Clypeoceras Temporal range: Early Triassic, (Scythian)

Scientific classification
- Kingdom: Animalia
- Phylum: Mollusca
- Class: Cephalopoda
- Subclass: †Ammonoidea
- Order: †Ceratitida
- Family: †Meekoceratidae
- Genus: †Clypeoceras J.P Smith, 1913

= Clypeoceras =

Genus of molluscs (fossil)

Clypeoceras is a genus of ammonites with an involute discoidal shell from the Lower Triassic.

==Description==
The shell of Clypeoceras is laterally compressed, involute, discoidal; whorls strongly embracing and deeply indented by the next inner whorl, increasing rapidly in height. Sides slightly convex, sloping outward to a rather narrow venter, which may be angular or rounded but never with keels or grooves. Surface smooth or ornamented with radial striae and folds. Body chamber short.

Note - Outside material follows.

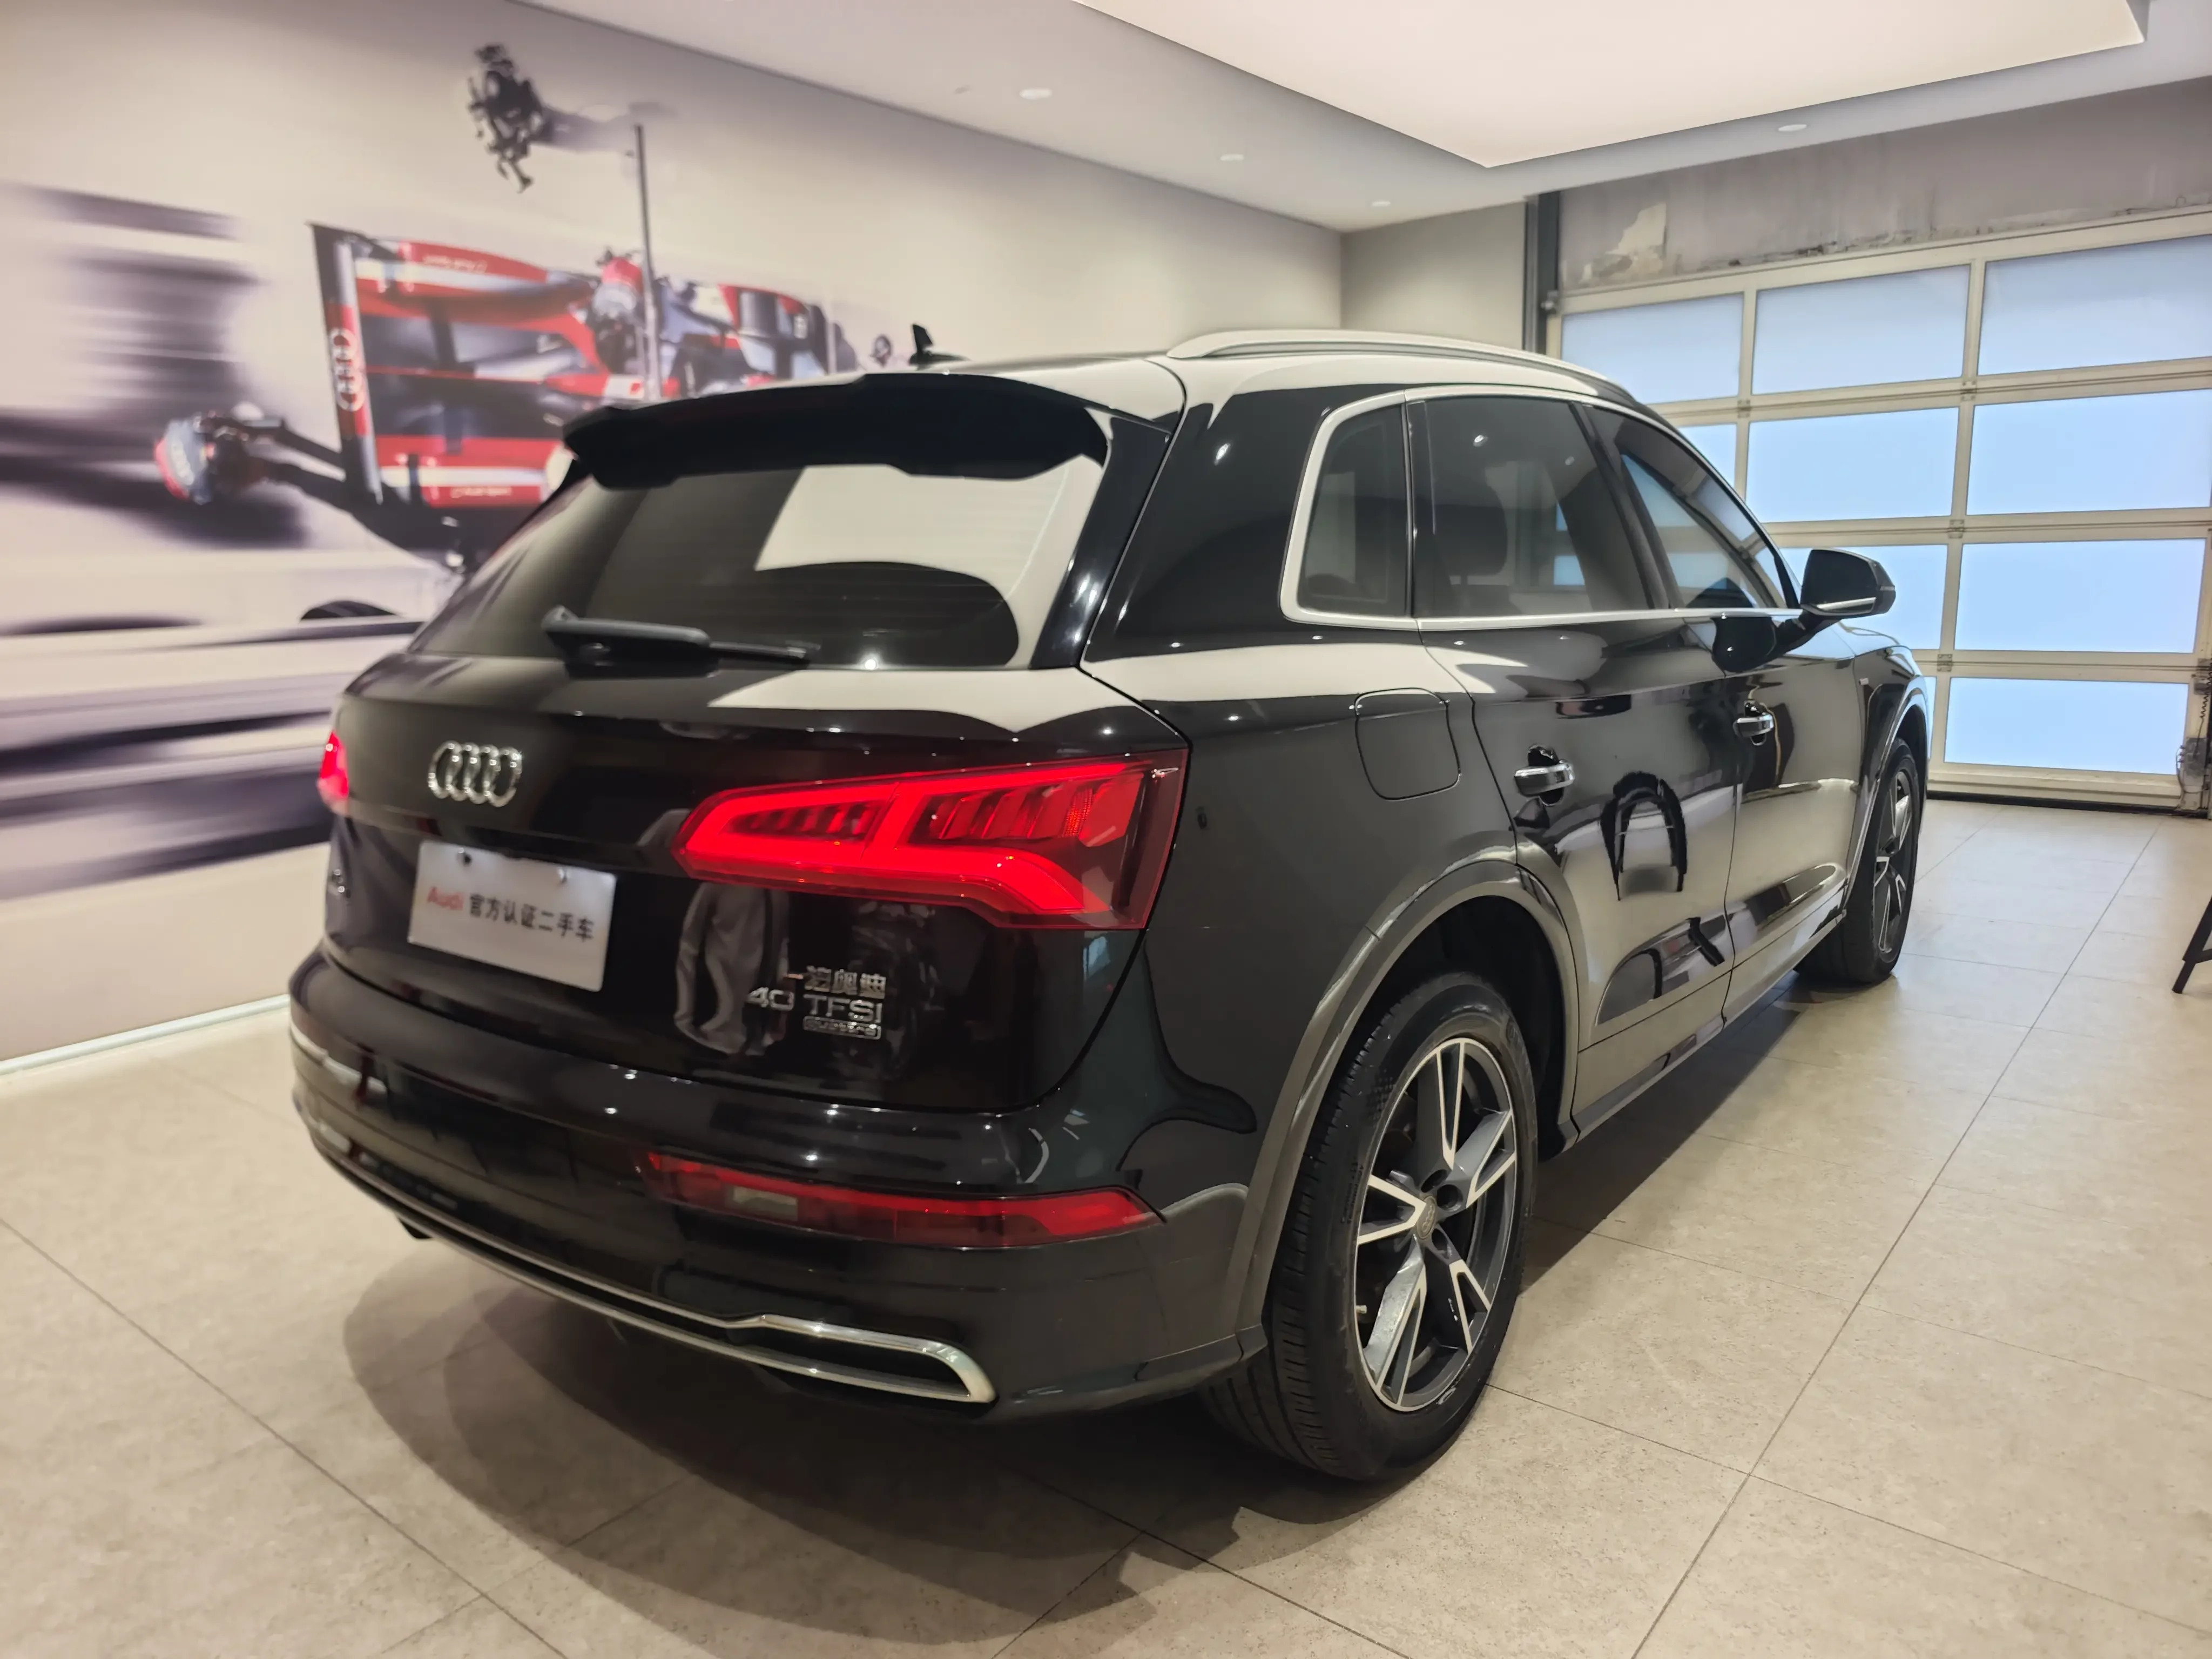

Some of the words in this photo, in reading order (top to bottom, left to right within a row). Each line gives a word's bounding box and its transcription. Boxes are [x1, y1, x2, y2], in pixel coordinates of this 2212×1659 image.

[427, 886, 464, 911] Audi
[469, 893, 594, 942] 官方认证二手车
[748, 987, 794, 1011] 40
[804, 993, 882, 1023] TFSI

Suture ceratitic with deep asymmetric saddles and broad serrated lobes. Sutures have a Meekoceras stage produced during early growth with broad asymmetric saddles and narrower serrated lobes, indicating a phylogenetic relationship.

== Taxonomy ==
J.P Smith (1932) placed Clypeoceas in the Meekoceratidae, indicated by the similarity of the shell with Meekoceras and the development of the suture, produced by septa, during growth. Smith (1932) however included the Meekoceratidae in the Prolecanitoidea whereas it is considered part of the Noritaceae in the Treatise, which includes Clypeoceras in the Paranoritidae instead.